Johannes Michalowsky begann die Diskussion am 08.01.03 (10:02) mit folgendem Beitrag:

Im Zweiten Weltkrieg sind – ich greife heraus – 44.000 alliierte Flugzeugbesatzungen alleine bei der Brandschatzung deutscher Städte ums Leben gekommen. Etwa ebenso viele deutsche U-Bootfahrer sind in ihren Stahlsärgen elend erstickt oder ertrunken. Eine nicht ganz sichere Zahl von 270.000 deutschen Soldaten sind in und nach Stalingrad gefallen, erfroren, verhungert, an Krankheiten zugrunde gegangen. Alliierte Invasionstruppen sind am Strand der Normandie von der Verteidigung dahingemetzelt worden.

Südtiroler Verteidiger sind von italienischen Kommandos in die Luft gesprengt worden. Der Stellungskrieg im I. Weltkrieg hat Millionen Menschen in den Schützengräben und unter gnadenlosem Artilleriebombardement das Leben gekostet, man besuche die Gedenkstätten in Verdun oder im Elsaß.

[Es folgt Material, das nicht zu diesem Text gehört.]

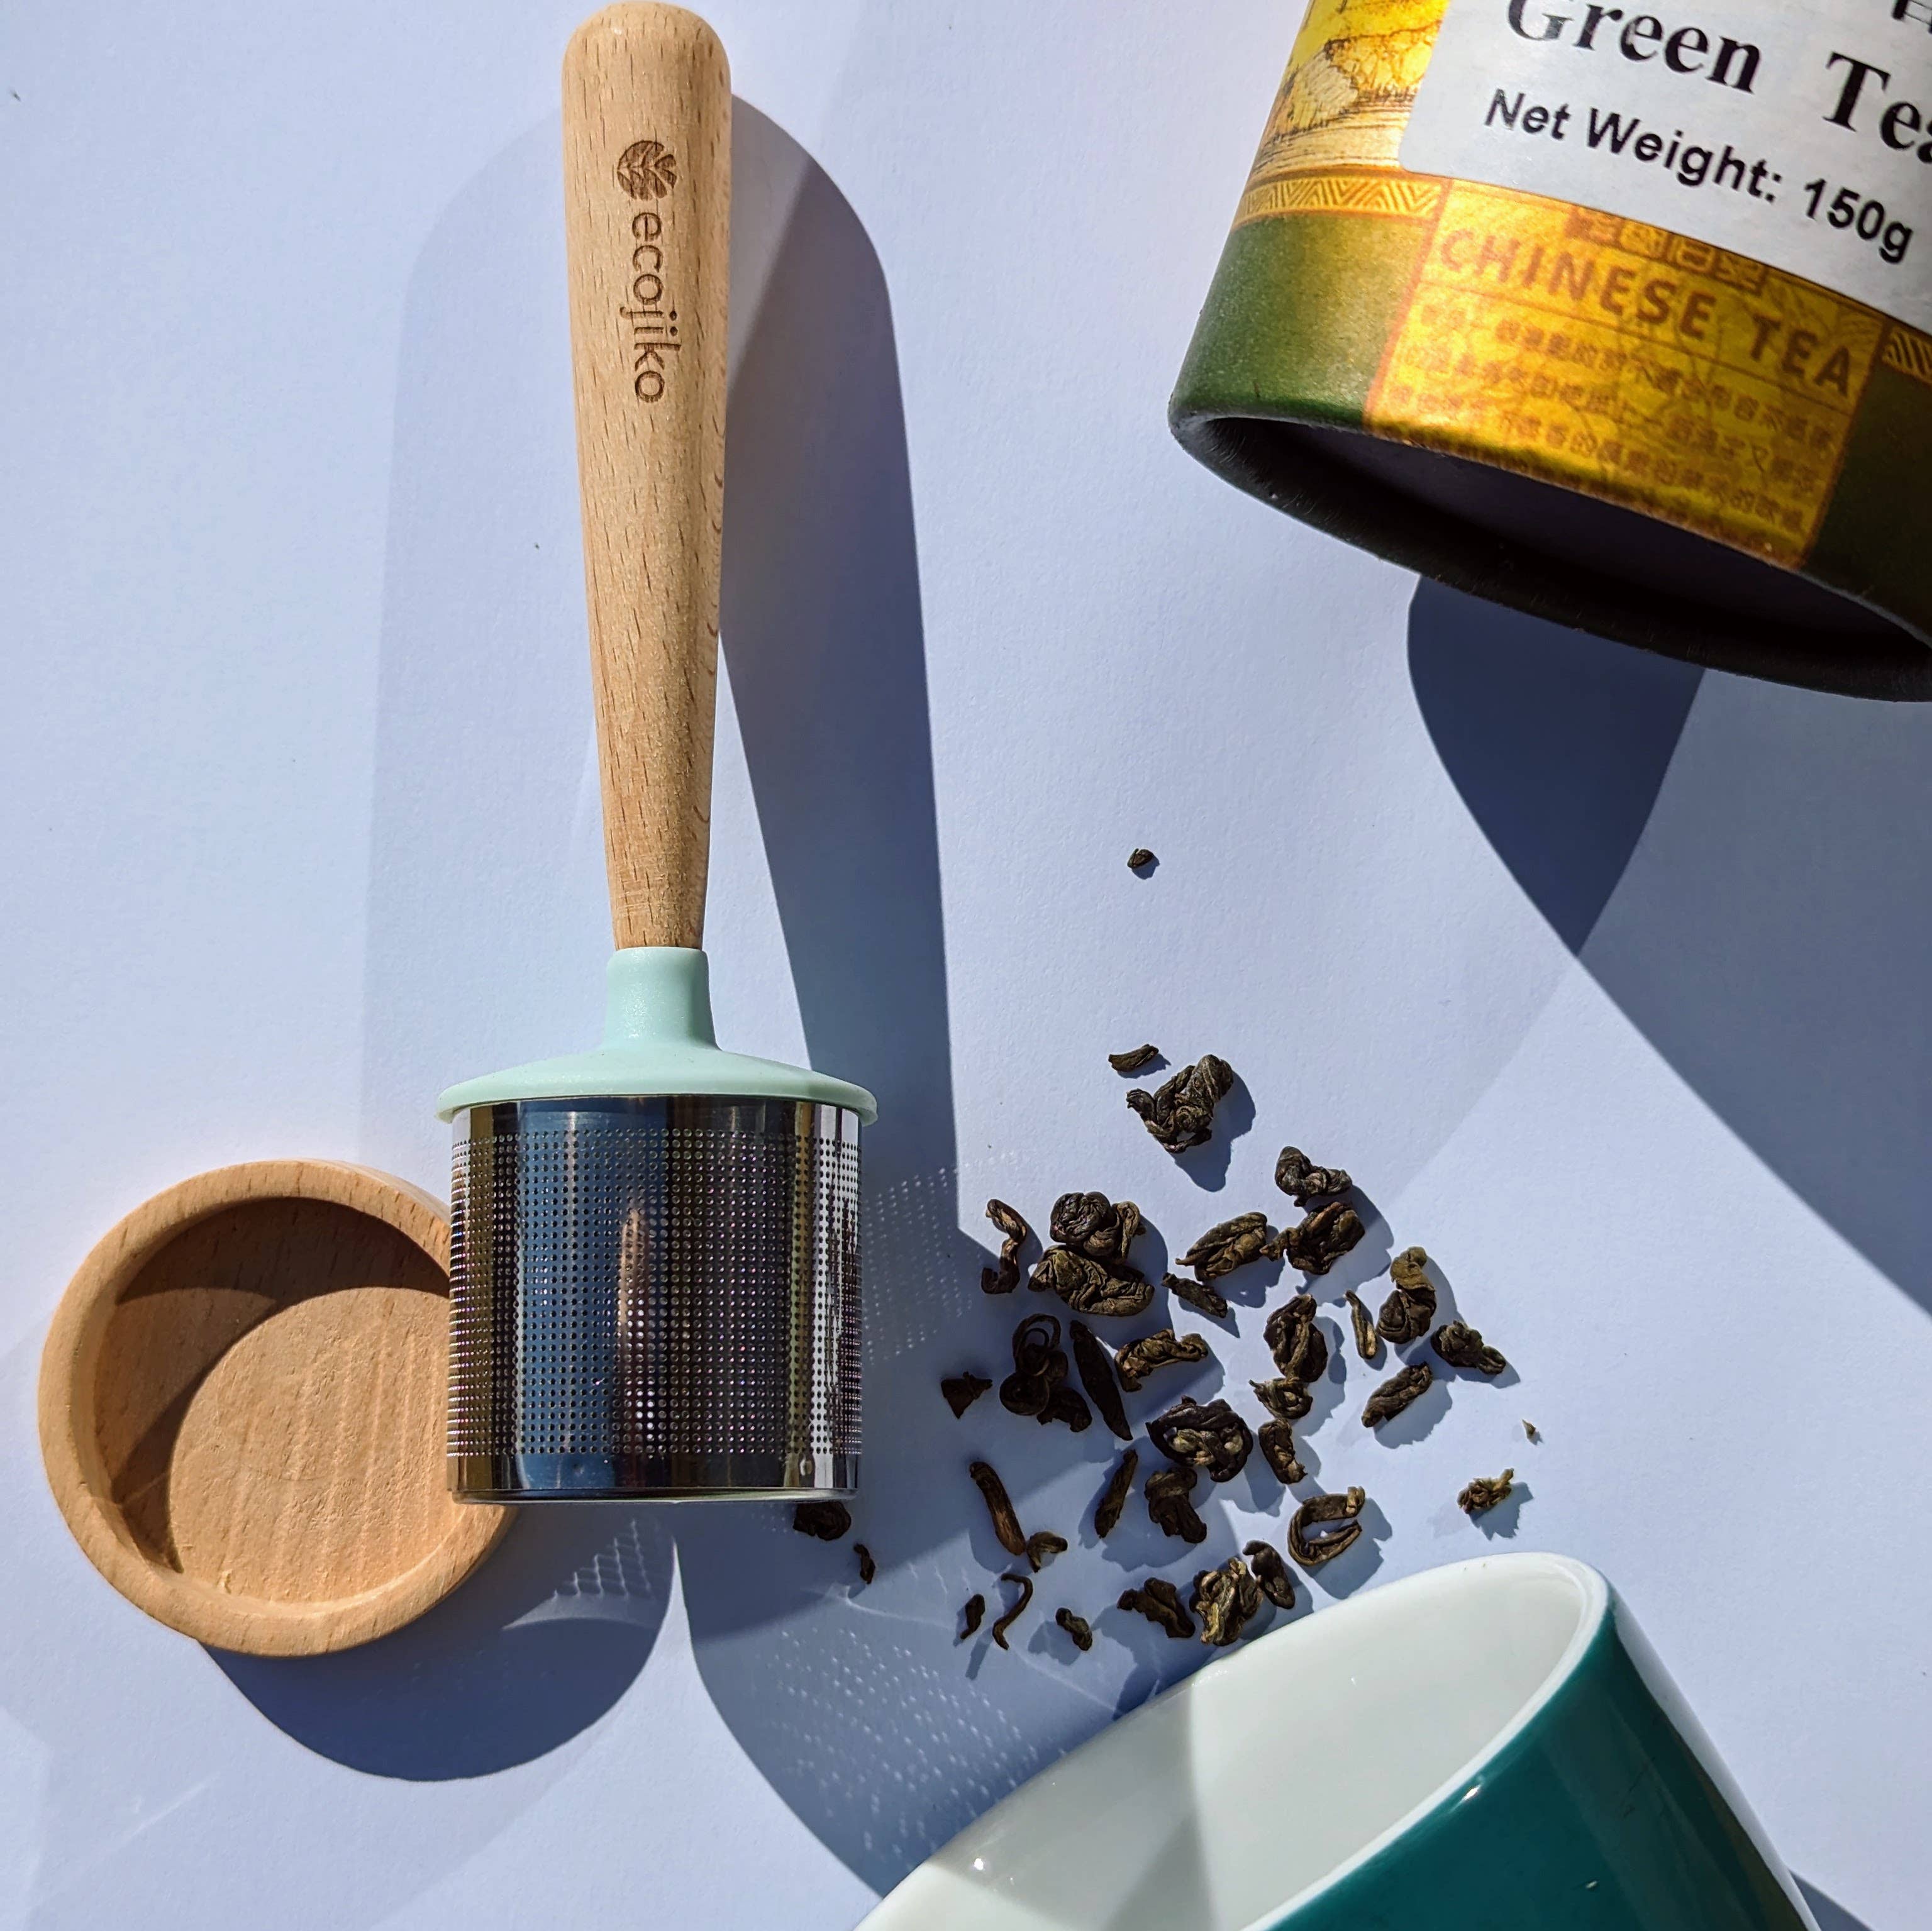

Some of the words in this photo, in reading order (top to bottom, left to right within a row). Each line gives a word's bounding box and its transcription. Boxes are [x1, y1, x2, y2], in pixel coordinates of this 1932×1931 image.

[1507, 0, 1762, 93] Green
[1485, 88, 1571, 140] Net
[1585, 108, 1784, 202] Weight:
[1805, 178, 1913, 264] 150g
[619, 212, 682, 403] ecojiko
[1439, 230, 1718, 338] CHINESE
[1748, 313, 1852, 396] TEA

Die Vorstellung von einem gegnerischen Bajonett im Bauch oder das Betrachten des Gruselkabinettes medizinischer Folterinstrumente aus der Schlacht von Waterloo ist beinahe unerträglich.

Man kann es auch umgekehrt sehen: Ein Bomber war für den Jäger das „Ziel“, ebenso bedrohliche U-Boote für ihre Jäger , oder die einen Kampfschiffe für die anderen. Menschen kommen da ebenso wenig vor wie bei der Aussage des US Piloten jetzt, die Karl an anderer Stelle zitiert hat.

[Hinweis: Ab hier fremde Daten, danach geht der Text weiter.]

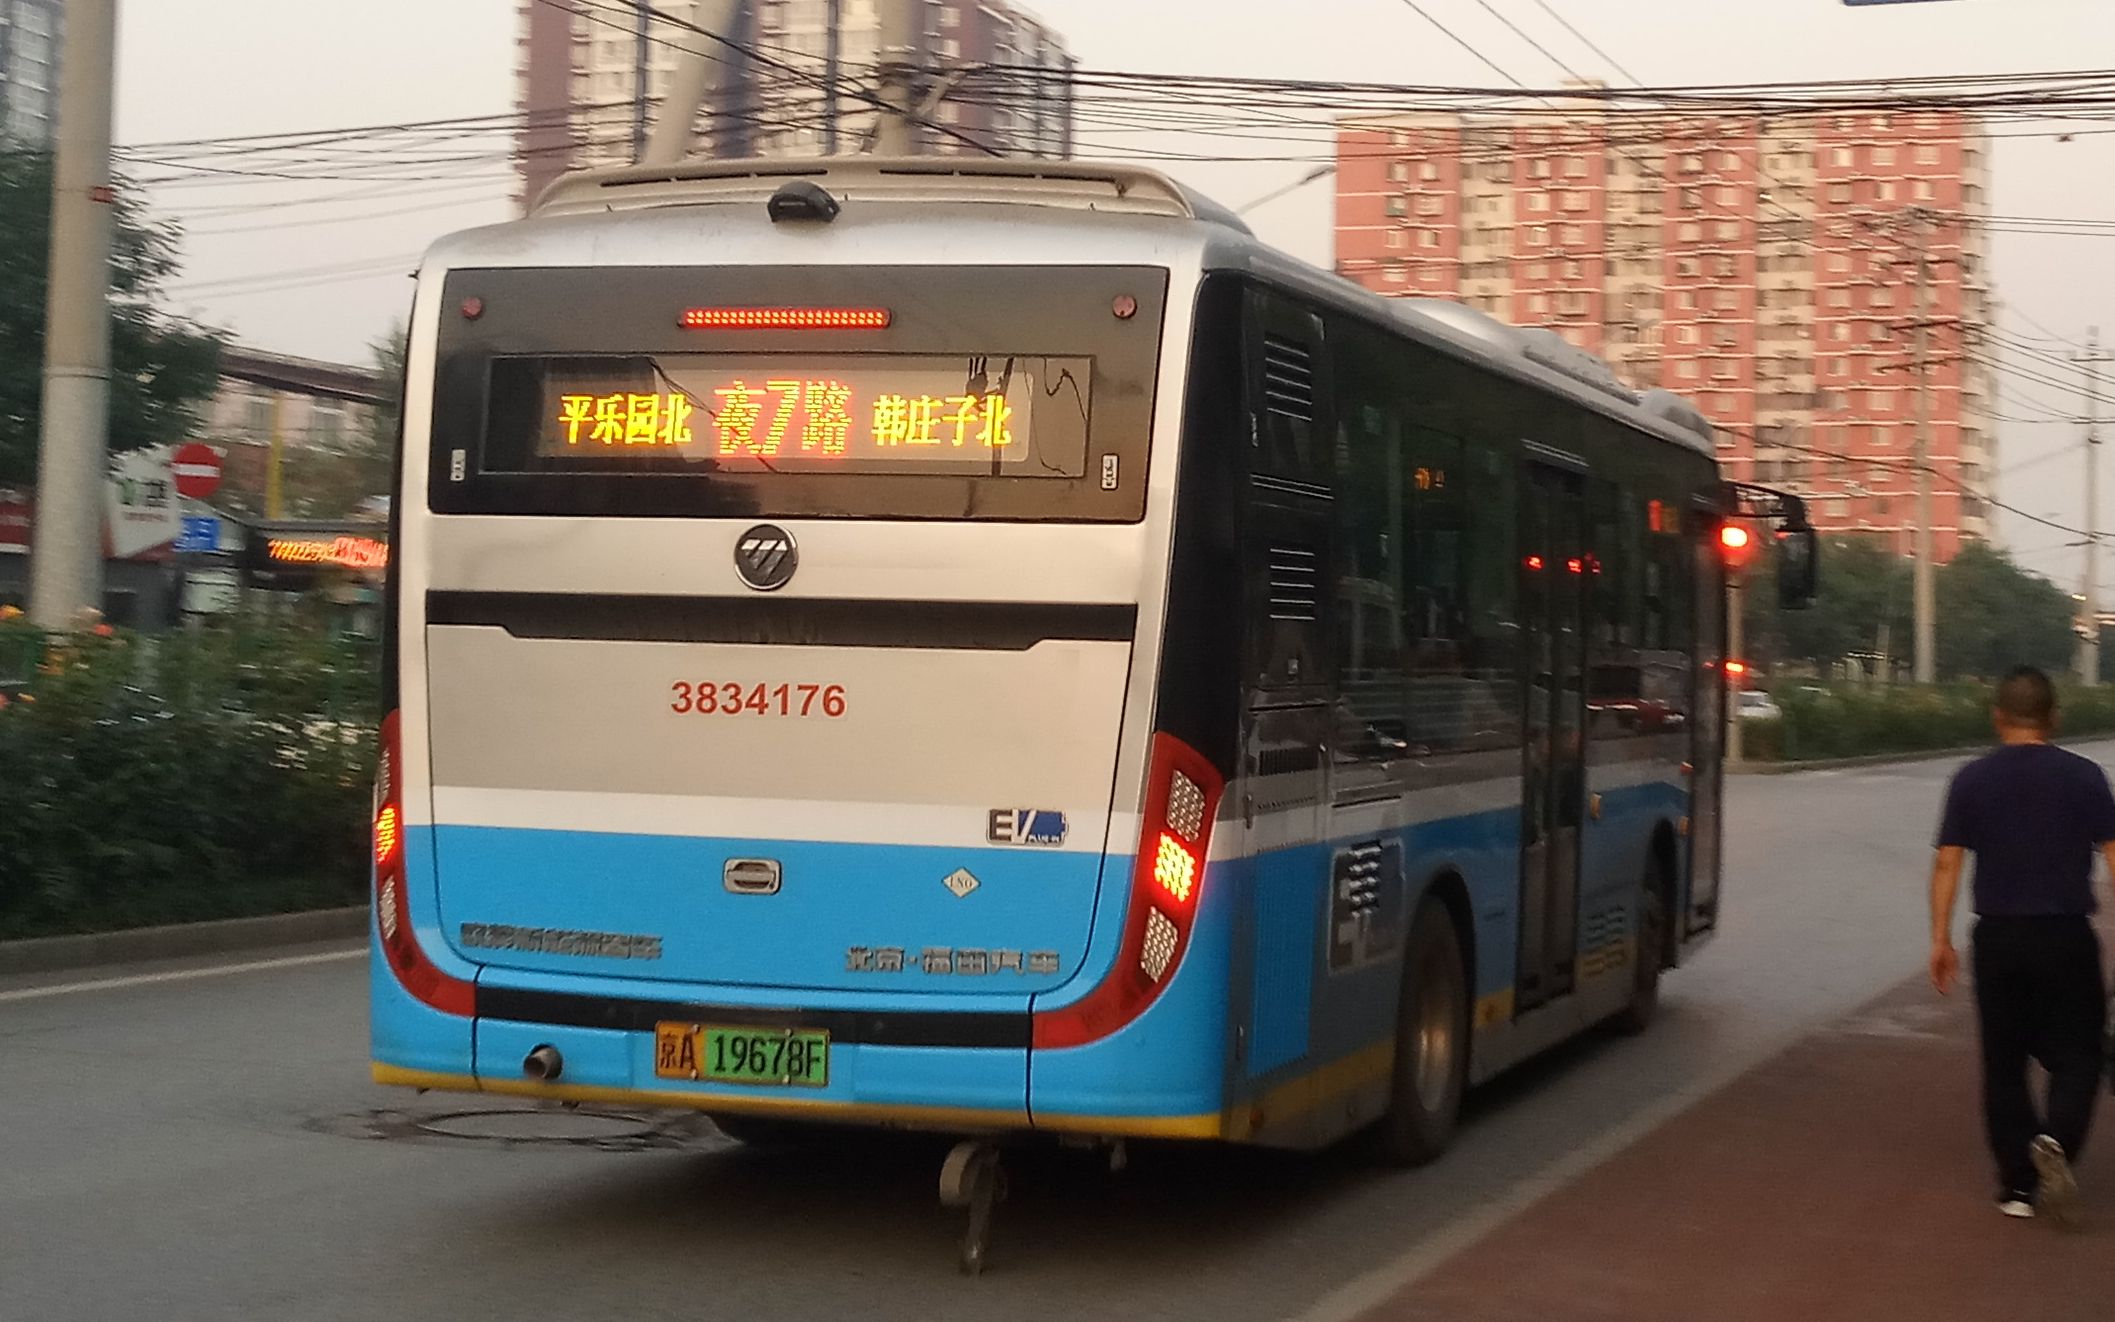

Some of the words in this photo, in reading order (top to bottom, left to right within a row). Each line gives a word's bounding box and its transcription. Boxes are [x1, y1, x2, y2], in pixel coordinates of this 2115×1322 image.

[558, 393, 693, 444] 平乐园北
[711, 379, 852, 455] 夜7路
[870, 394, 1012, 448] 韩庄子北
[670, 680, 846, 717] 3834176
[989, 808, 1038, 845] EV
[713, 1033, 823, 1079] 19678F

Ich habe hier bewußt einmal Zivilisten einerseits und Holocaust und Genozid andererseits außen vor gelassen.

Denn ich denke – und diesen Gedanken befällt mich immer wieder, wenn ich an Ereignisse der geschilderten Art erinnert werde -, daß auch junge Männer, um die es sich hier durchweg handelt, schrecklich gelitten haben und unvorstellbar viele einen fürchterlichen Tod erleiden mußten. Da tröstet nur in geringem Ausmaß die Vorstellung, daß am Beginn Freiwilligkeit, ja Begeisterung für eine kriegerische Aufgabe stand, man denke nur an die Schilderung über das Auslaufen der Bismarck zu ihrer Todesfahrt. Viele, wahrscheinlich alle diese Opfer hatten sich das Ende wohl nicht so vorgestellt.

Internet-Tipp: https://www.dradio.de/dlf/sendungen/feldpost/begleitung/heldentod.html


Karl antwortete am 08.01.03 (10:55):

da stimme ich Dir voll zu, Jo.


schorsch antwortete am 08.01.03 (12:03):

So lange Menschen wie die Ratten von Hameln einem (Ver-)Führer nachlaufen, so lange wird es diese Helden geben!

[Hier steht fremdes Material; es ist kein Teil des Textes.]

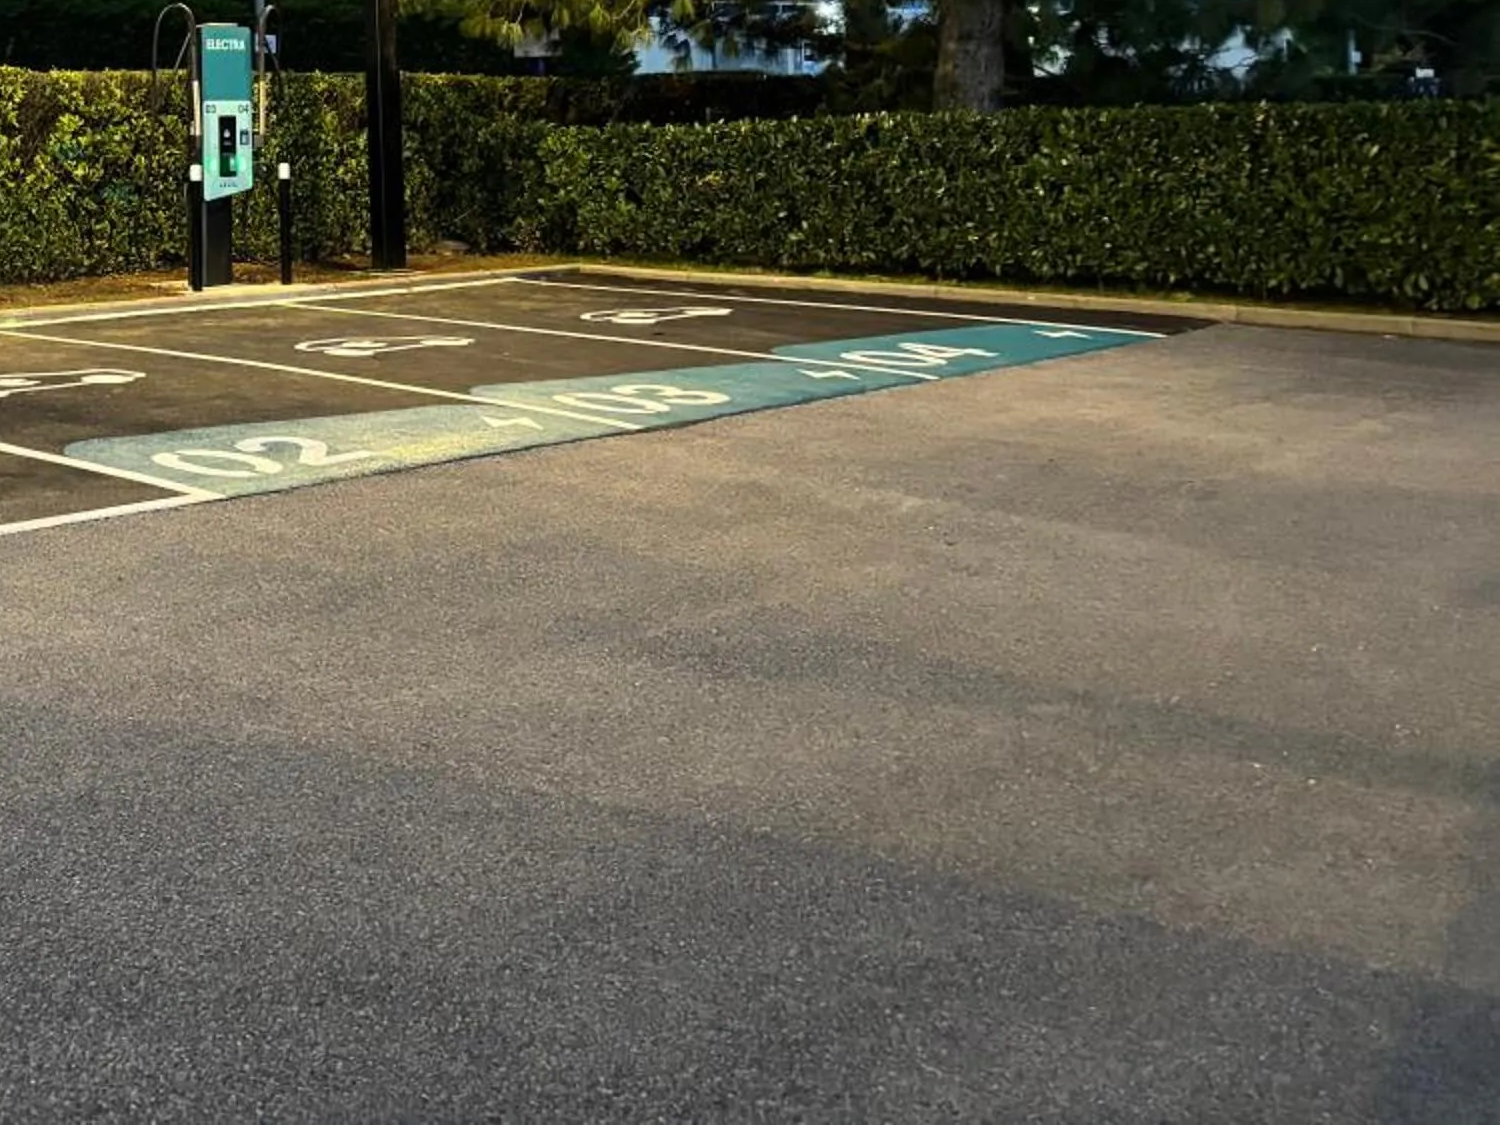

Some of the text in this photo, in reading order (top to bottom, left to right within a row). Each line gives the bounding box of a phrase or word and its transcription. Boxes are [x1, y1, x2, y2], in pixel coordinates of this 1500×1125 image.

[206, 38, 245, 51] ELECTRA
[238, 104, 249, 114] 04
[840, 342, 999, 367] 04
[552, 384, 731, 414] 03
[151, 436, 373, 478] 02

bello antwortete am 08.01.03 (13:00):

Wer sich zum "Führer" machen will, braucht nur die Fähigkeit zu haben, eine Massenhysterie auszulösen.


Fred Reinhardt antwortete am 08.01.03 (13:51):

Solange Menschen zum töten ausgebildet werden, solange Menschen von Ausbildern das ICH genommen wird und zu Kampfmaschinen umfunktiniert werden, wird sich nichts ändern. Solange es Menschen in Uniform, wie Christbäume geschmückt, über Leben und Tod das Sagen haben wird sich nichts ändern. Solange es Staatsoberhäupter gibt die Menschen nur als Masse und die Einmaligkeit des Einzelnen übersehen, wird sich nichts ändern.

Wie scheinheilig sind doch die Ehrungen vor den Kriegerdenkmälern wenn man die Helden ehrt die man selbst zum Tode durch den Krieg verurteilt hat.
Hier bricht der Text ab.